Injectable fillers work wonders, and for some, they’re a godsend because they instantly add back lost volume and rejuvenate the face in mere minutes. But, there are some of us who go in for injections, hoping to get a good result, and wish that nothing was ever done.
“Intradermal and subcutaneous fillers have been a wonderful additional to our armamentarium to reverse premature facial aging,” says Newport Beach, CA, plastic surgeon Sanjay Grover, MD. “Fillers can provide beautiful, natural results when placed properly with the proper amount and with the appropriate fillers. But there are occasions, however, when patients can end up with results that are less than ideal.”
Because all hyaluronic acid injections may cause swelling, New York facial plastic surgeon Jennifer Levine, MD, usually recommends applying ice to the area for the first 48 hours and gently massaging it, too, if there is any irregularity. “Usually, at two weeks the product has settled and swelling has dissipated so if the patient wishes to reverse their filler they can do so at this time. An exception is vascular compromise, in which case the product should be injected immediately or as soon as it is recognized. Or, if there is prolonged edema after under-eye filler, which may have to do with blockage of lymphatic drainage of the area.”
For whatever reason you don’t like your injections—be it asymmetry, lumps and bumps, irregularities, overfilling, inflammation or an infection—the good thing to know is that as long as hyaluronic acid ones (Juvéderm Voluma, Volbella, Volure and Ultra, the Restylane products, and Belotero Balance) are used, they can be reversed. “The hyaluronic acid fillers are readily reversible with the injection of a protein enzyme called hyaluronidase,” explains Dr. Grover. “It can be injected in small amounts to rapidly dissolve the hyaluronic acid.” Products that contain calcium hydoxylapatite, collagen suspension with beads of polymethylmethacrylate like Radiesse, Bellafill and Sculptra Aesthetic, or even human fat, can’t easily be reversed and usually require surgical excision to undo the results.
Dr.
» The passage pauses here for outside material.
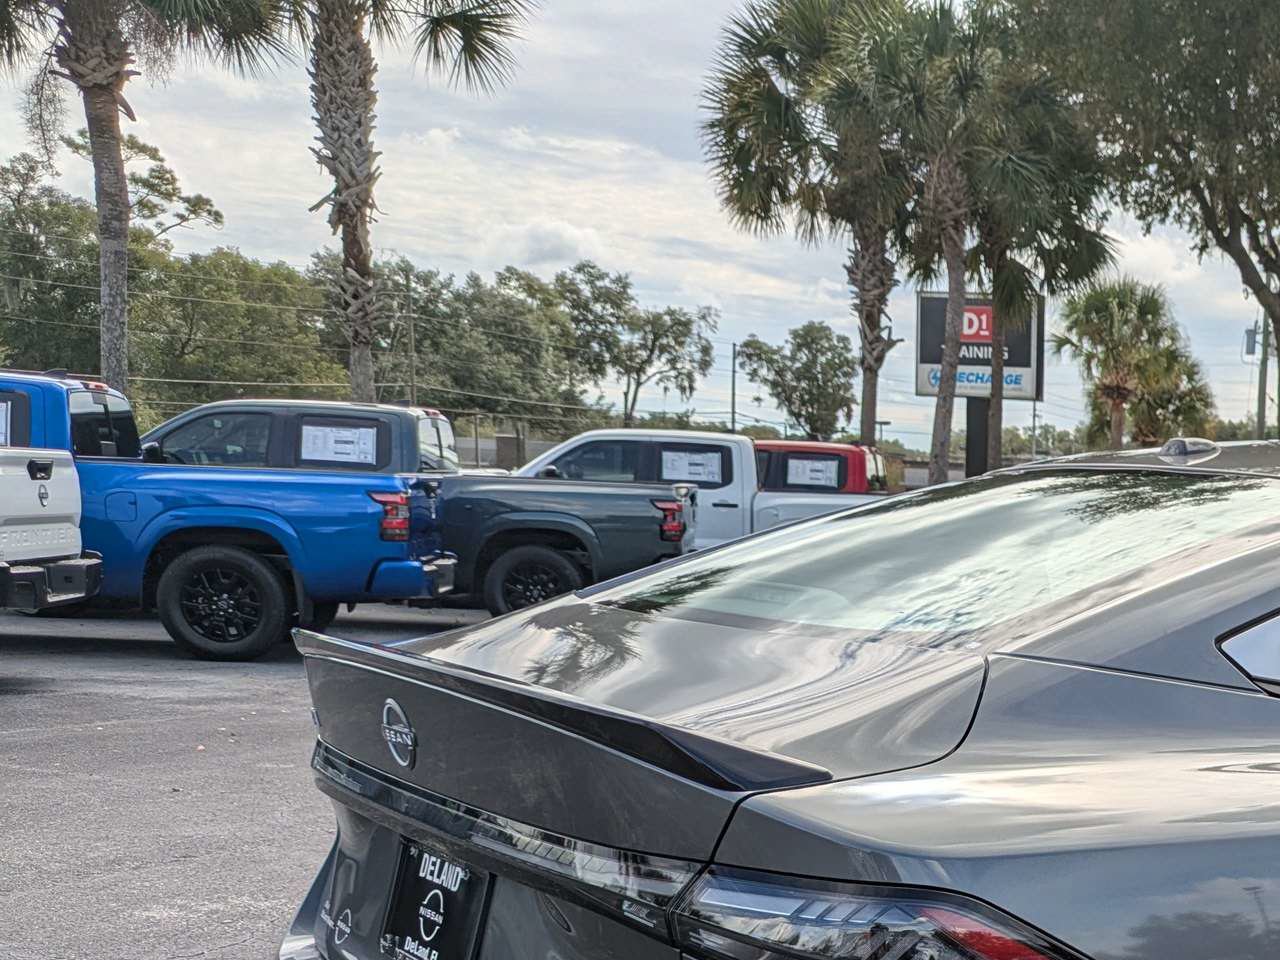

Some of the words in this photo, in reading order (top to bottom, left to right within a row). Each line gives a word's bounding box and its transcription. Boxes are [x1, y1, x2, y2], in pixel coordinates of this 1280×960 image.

[962, 311, 990, 336] D1
[953, 371, 1023, 386] ECHAGE
[418, 853, 463, 892] DELAND
[418, 906, 444, 925] NISSAN
Levine says hyalurondiase comes in two forms. “The first, Hylenex, is human recombinant hyaluronidase. The second, Vitrase, is ovine (sheep) hyaluronidase. There’s less of a chance of an allergic reaction with Hylenex, but both work quickly to dissolve filler. The dose used it dependent on the type of filler and amount that needs to be dissolved.”
Once the hyaluronidase has been injected into the area, it can take anywhere from a few minutes to a few days for the product to be dissolved and for everything to return back to baseline.
“It’s common to see a patient requiring hyaluronidase following injection to the tear trough or under-eye area. The area is less forgiving as the skin can be quite thin with poorer elasticity and irregularities may occur here more frequently,” says Dr. Grover. “Another area that may require hyaluronidase is the lips because they are frequently overinjected and easily reveal lumps and bumps.”
To reduce the chances of adverse effects from fillers and ensure that you’re happy with the treatment, make sure to always seek out a skilled plastic surgeon, facial plastic surgeon, oculoplastic surgeon or dermatologist when it comes to your injections—this is not the time to start bargain shopping or let an aesthetician, general practitioner or hairstylist inject you.